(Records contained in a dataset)
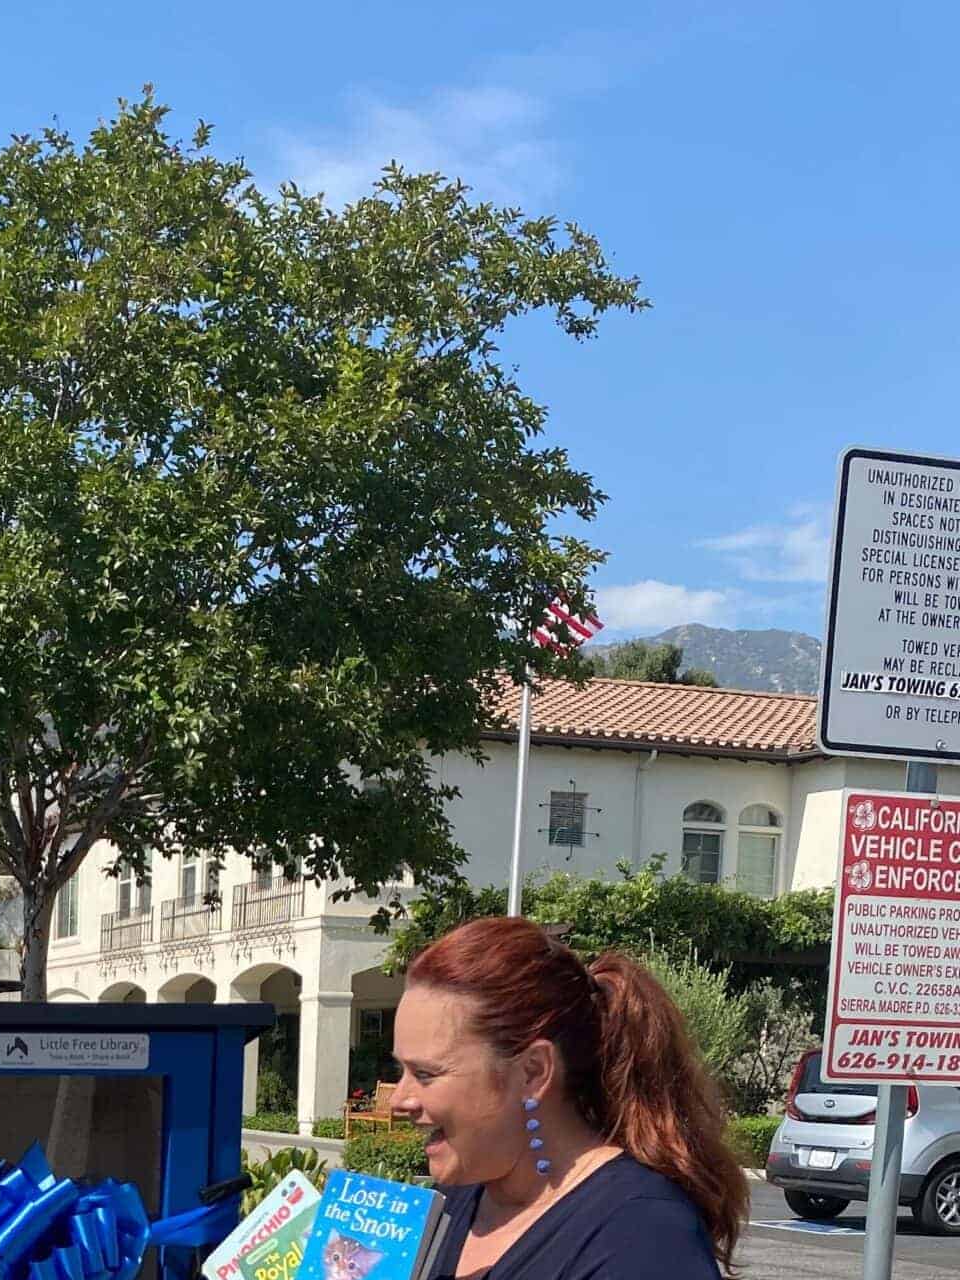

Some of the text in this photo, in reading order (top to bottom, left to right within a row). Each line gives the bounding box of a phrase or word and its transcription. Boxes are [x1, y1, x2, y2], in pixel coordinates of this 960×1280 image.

[868, 468, 954, 493] UNAUTHORIZED
[883, 490, 895, 506] IN
[892, 512, 934, 531] SPACES
[872, 529, 960, 553] DISTINGUISHING
[862, 548, 960, 572] SPECIAL LICENSE
[862, 567, 883, 583] FOR
[889, 570, 942, 590] PERSONS
[894, 589, 919, 606] WILL
[925, 592, 939, 608] BE
[878, 608, 891, 623] AT
[896, 609, 916, 625] THE
[902, 639, 938, 657] TOWED
[883, 657, 905, 674] MAY
[910, 659, 925, 674] BE
[842, 674, 883, 691] JAN'S
[888, 677, 945, 697] TOWING
[886, 705, 901, 720] OR
[906, 707, 920, 722] BY
[851, 834, 943, 864] VEHICLE
[847, 903, 886, 919] PUBLIC
[890, 905, 936, 921] PARKING
[850, 923, 938, 940] UNAUTHORIZED
[854, 942, 882, 957] WILL
[884, 944, 899, 957] BE
[902, 944, 941, 959] TOWED
[847, 962, 892, 976] VEHICLE
[894, 964, 941, 979] OWNER'S
[874, 981, 912, 996] C.V.C.
[840, 998, 876, 1013] SIERRA
[879, 1000, 913, 1014] MADRE
[40, 1037, 139, 1055] Little Free Library
[848, 1029, 900, 1048] JAN'S
[339, 1177, 409, 1214] Lost in
[324, 1201, 412, 1241] the Snow
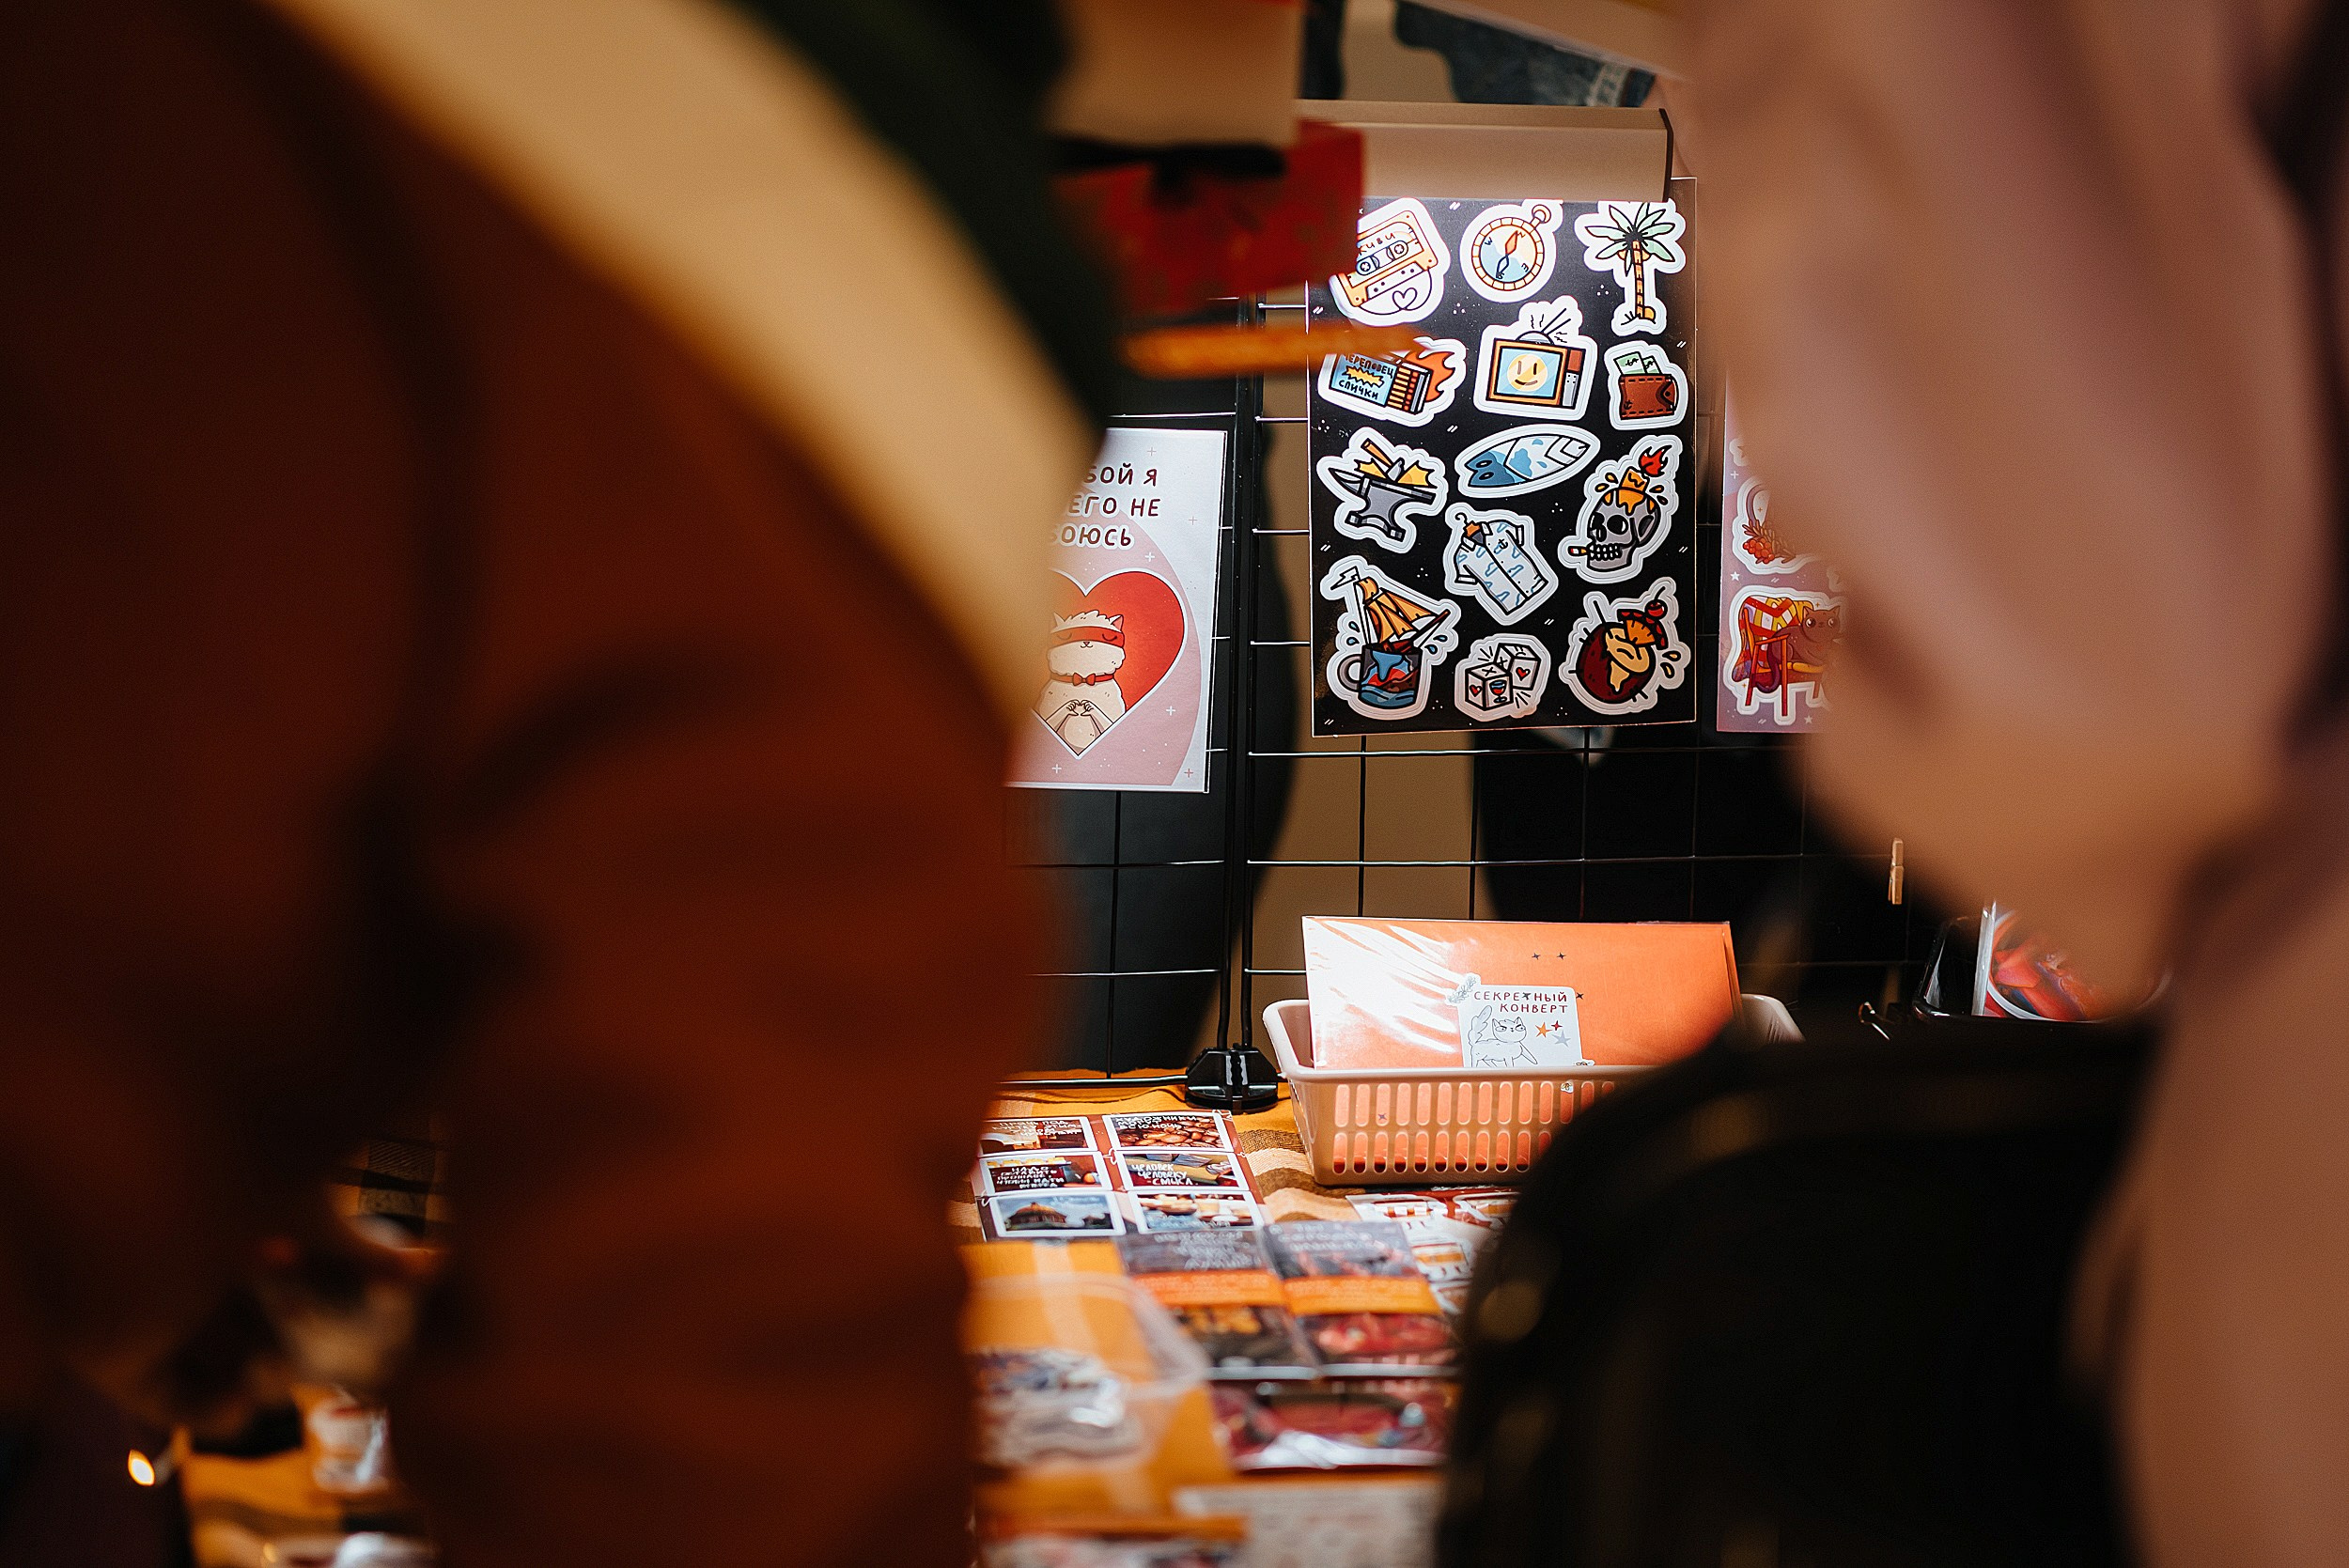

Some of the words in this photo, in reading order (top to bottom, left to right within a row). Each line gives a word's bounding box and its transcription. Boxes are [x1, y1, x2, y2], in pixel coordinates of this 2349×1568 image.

(PROBLEM TO WORK ON) For each entry, copy the text exactly and leave out any image it carries.

(ANSWER TO THIS TASK)
Some of the text in this photo, in reading order (top to bottom, left to right within a row). Each line gives the bounding box of a phrase or word and its transcription. Boxes are [x1, y1, x2, y2], in pixel coordinates of this 960×1280 image.

[868, 468, 954, 493] UNAUTHORIZED
[883, 490, 895, 506] IN
[892, 512, 934, 531] SPACES
[872, 529, 960, 553] DISTINGUISHING
[862, 548, 960, 572] SPECIAL LICENSE
[862, 567, 883, 583] FOR
[889, 570, 942, 590] PERSONS
[894, 589, 919, 606] WILL
[925, 592, 939, 608] BE
[878, 608, 891, 623] AT
[896, 609, 916, 625] THE
[902, 639, 938, 657] TOWED
[883, 657, 905, 674] MAY
[910, 659, 925, 674] BE
[842, 674, 883, 691] JAN'S
[888, 677, 945, 697] TOWING
[886, 705, 901, 720] OR
[906, 707, 920, 722] BY
[851, 834, 943, 864] VEHICLE
[847, 903, 886, 919] PUBLIC
[890, 905, 936, 921] PARKING
[850, 923, 938, 940] UNAUTHORIZED
[854, 942, 882, 957] WILL
[884, 944, 899, 957] BE
[902, 944, 941, 959] TOWED
[847, 962, 892, 976] VEHICLE
[894, 964, 941, 979] OWNER'S
[874, 981, 912, 996] C.V.C.
[840, 998, 876, 1013] SIERRA
[879, 1000, 913, 1014] MADRE
[40, 1037, 139, 1055] Little Free Library
[848, 1029, 900, 1048] JAN'S
[339, 1177, 409, 1214] Lost in
[324, 1201, 412, 1241] the Snow

Some of the words in this photo, in reading order (top to bottom, left to right within a row). Each line gives a word's bounding box and its transcription. Boxes are [x1, y1, x2, y2], in pixel coordinates of this 2349×1568 image.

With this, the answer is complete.